Funding for greener schoolyards to encourage physical activity

Ki researcher Daniel Berglind received 6 million SEK from Formas for a project to reconstruct schoolyards with greenery for a better environment and more physically active children in urban areas.

Daniel Berglind at the Department of Global Public Health is awarded 6 milion SEK from Formas for the project “Reconstructing schoolyards with greenery to increase schoolchildren´s physical activity and health and mitigate climate changes in urban areas”

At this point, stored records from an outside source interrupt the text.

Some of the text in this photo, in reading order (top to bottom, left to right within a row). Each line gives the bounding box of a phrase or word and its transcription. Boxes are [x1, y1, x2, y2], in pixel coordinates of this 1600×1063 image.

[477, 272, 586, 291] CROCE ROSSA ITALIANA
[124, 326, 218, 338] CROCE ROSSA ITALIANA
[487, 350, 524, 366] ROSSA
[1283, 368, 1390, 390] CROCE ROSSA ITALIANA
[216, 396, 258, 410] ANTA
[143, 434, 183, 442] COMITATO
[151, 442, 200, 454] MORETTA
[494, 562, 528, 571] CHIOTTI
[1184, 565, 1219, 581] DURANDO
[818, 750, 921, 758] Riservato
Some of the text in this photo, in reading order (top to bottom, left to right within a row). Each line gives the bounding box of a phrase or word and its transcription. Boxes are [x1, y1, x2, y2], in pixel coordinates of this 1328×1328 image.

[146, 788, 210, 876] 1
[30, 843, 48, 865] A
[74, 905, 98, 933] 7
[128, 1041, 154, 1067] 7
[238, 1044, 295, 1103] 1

Reconstructing schoolyards with greenery is a promising primary prevention strategy to increase physical activity levels among children at the population level and mitigate environmental risks resulting from increasing climate changes in urban areas. The project will be designed as a stepped-wedge trial. The long-term impact and the aim of the project is to create guidelines for how to build environmentally friendly and physical activity-promoting schoolyards and; thus, affect short- and long-term health outcomes on a population level.

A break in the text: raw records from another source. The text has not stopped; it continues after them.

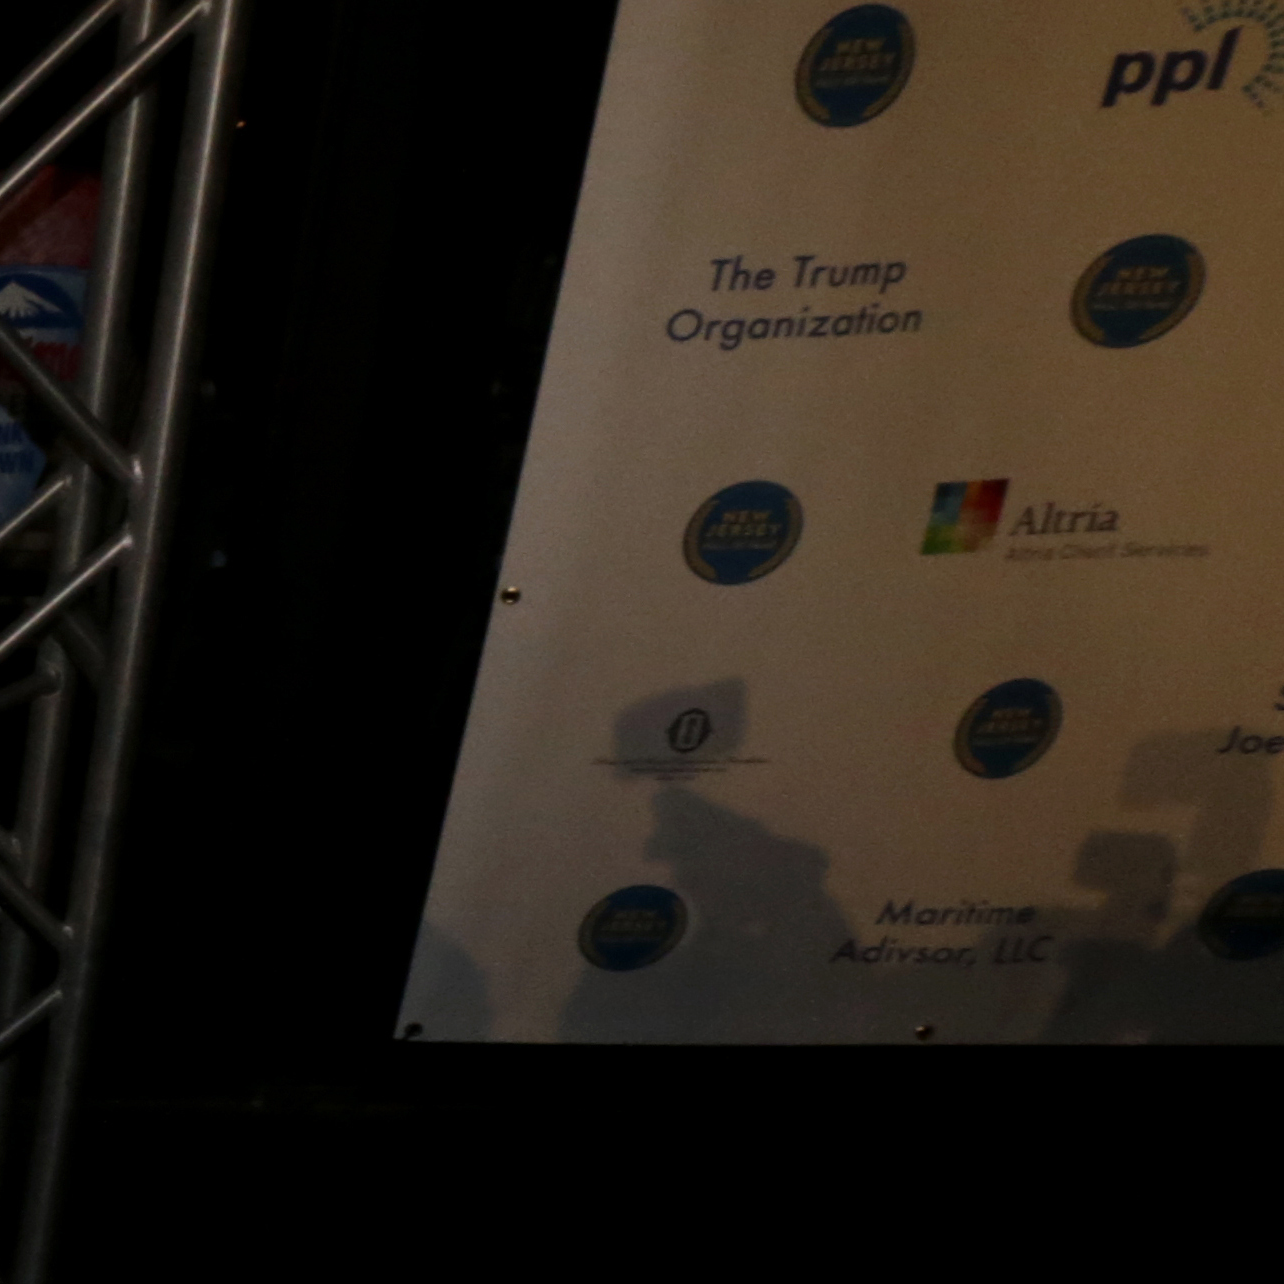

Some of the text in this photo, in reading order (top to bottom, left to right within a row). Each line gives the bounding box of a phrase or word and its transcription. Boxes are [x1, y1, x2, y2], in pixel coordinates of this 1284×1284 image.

[1101, 25, 1244, 108] ppl
[711, 254, 907, 295] The Trump
[666, 303, 923, 352] Organization
[705, 523, 783, 537] JERSEY
[722, 509, 773, 523] NEW
[1009, 501, 1119, 536] Altria
[875, 899, 1036, 926] Maritime
[993, 935, 1055, 964] LLC
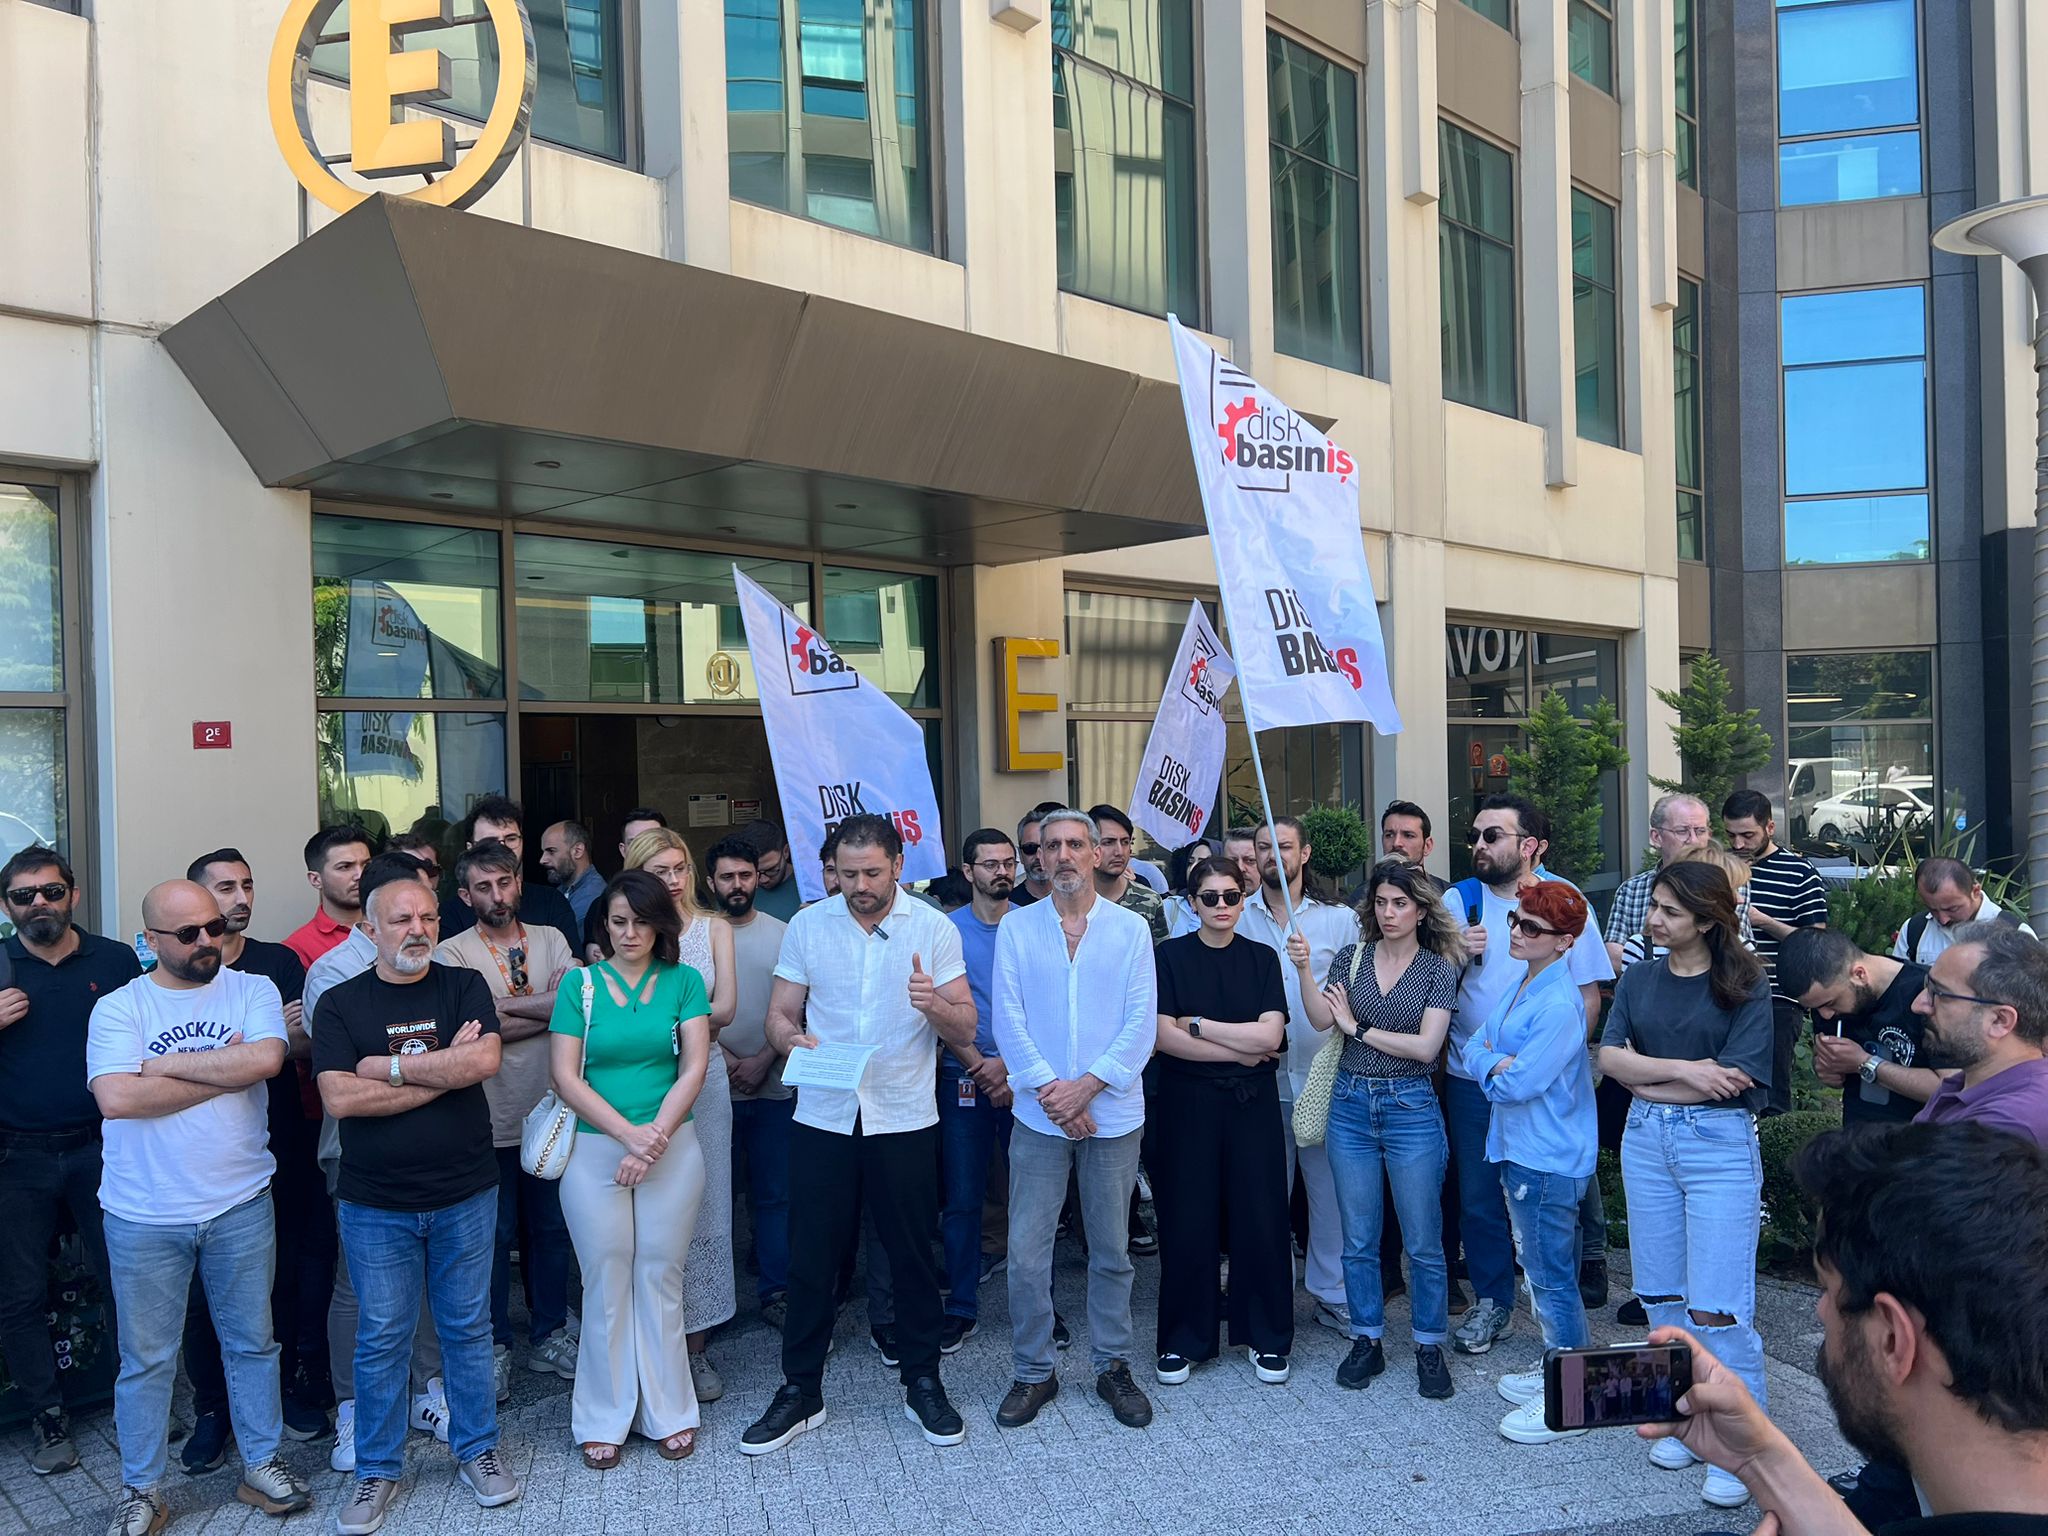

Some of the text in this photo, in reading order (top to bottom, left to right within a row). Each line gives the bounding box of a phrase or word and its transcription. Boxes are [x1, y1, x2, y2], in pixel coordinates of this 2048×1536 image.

[349, 0, 455, 178] E
[1247, 406, 1302, 442] disk
[1001, 637, 1063, 771] E
[386, 1021, 437, 1035] WORLDWIDE

Over the course of 4 years, a total of 20 schoolyard reconstructions in Stockholm, with in total 3 600 schoolchildren, will be evaluated (5 reconstructions/year). The project results will be used to create universal guidelines for schoolyard reconstructions, at regional and national levels, with the potential to improve child health on a societal level and mitigate climate changes in urban environments.

“I’m mostly looking forward to when we have done all data collection (that hopefully runs smoothly) and we get to analyze data and get to produce some hard data/results. This is, for me personally, the phase of the project that I enjoy the most, says Daniel Berglind.

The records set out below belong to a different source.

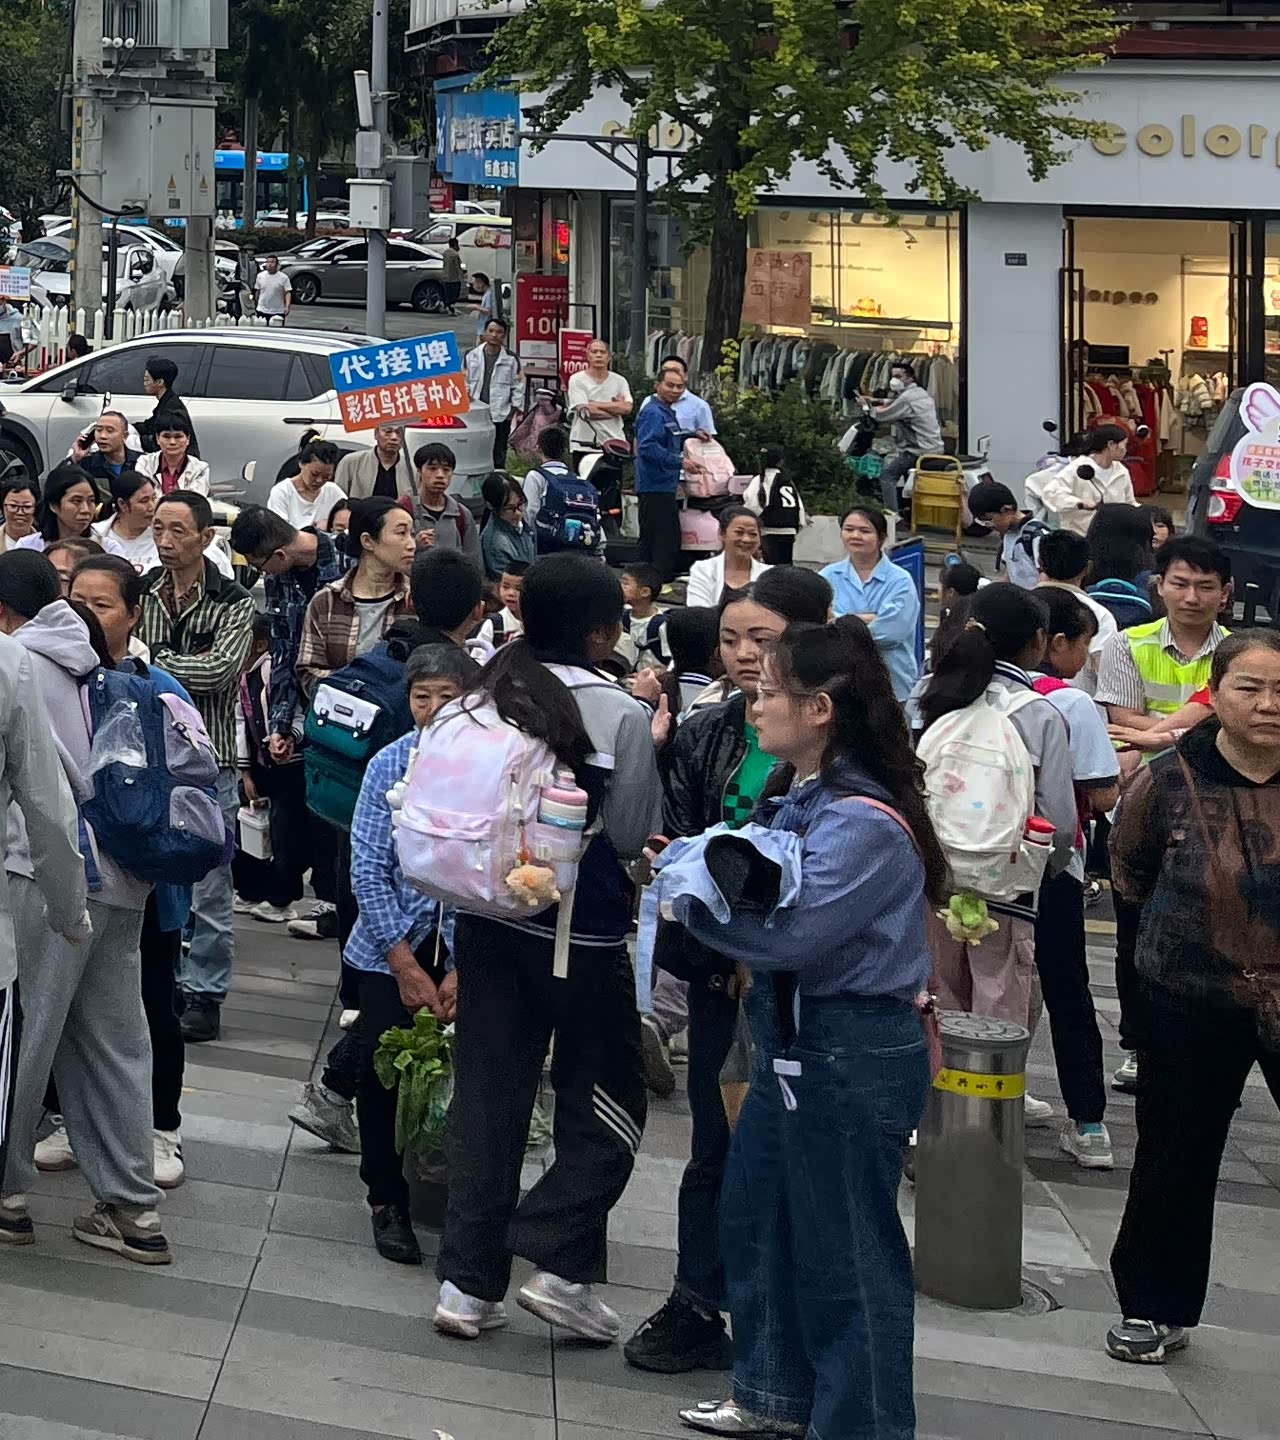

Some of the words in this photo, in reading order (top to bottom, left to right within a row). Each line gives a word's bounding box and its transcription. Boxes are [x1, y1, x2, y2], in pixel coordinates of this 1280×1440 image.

[1091, 114, 1280, 169] color
[526, 316, 568, 336] 100
[338, 339, 453, 385] 代接牌
[344, 378, 463, 424] 彩红鸟托管中心
[779, 485, 797, 508] S

The long-term impact and the aim of the project is to create guidelines for how to build environmentally friendly and physical activity promoting schoolyards and; thus, affect short- and long-term health outcomes on a population level.

Daniels team has experience with similar projects. They recently conducted the world’s largest randomized trial in preschools including 124 preschools and 4 000 preschoolers wearing an accelerometer for 1 week at 2 occasions, and running such large “societal interventions” is very logistically demanding.

“The greatest challenge with the schoolyard project will be to operate all the logistical aspects regarding the measurement of the included children (N=3 600)” says Daniel Berglind.

About the grant

The Formas grant Designed living environment for health and well-being is a grant for projects that provide knowledge and solutions for how designed living environments can promote health and well-being.

Project title: Reconstructing schoolyards with greenery to increase schoolchildren´s physical activity and health and mitigate climate changes in urban areas

Amount: 5 927 308 SEK

The grant will be used for project-related costs (e.g., accelerometers) research personnel (PhD student) and salary for the main applicant.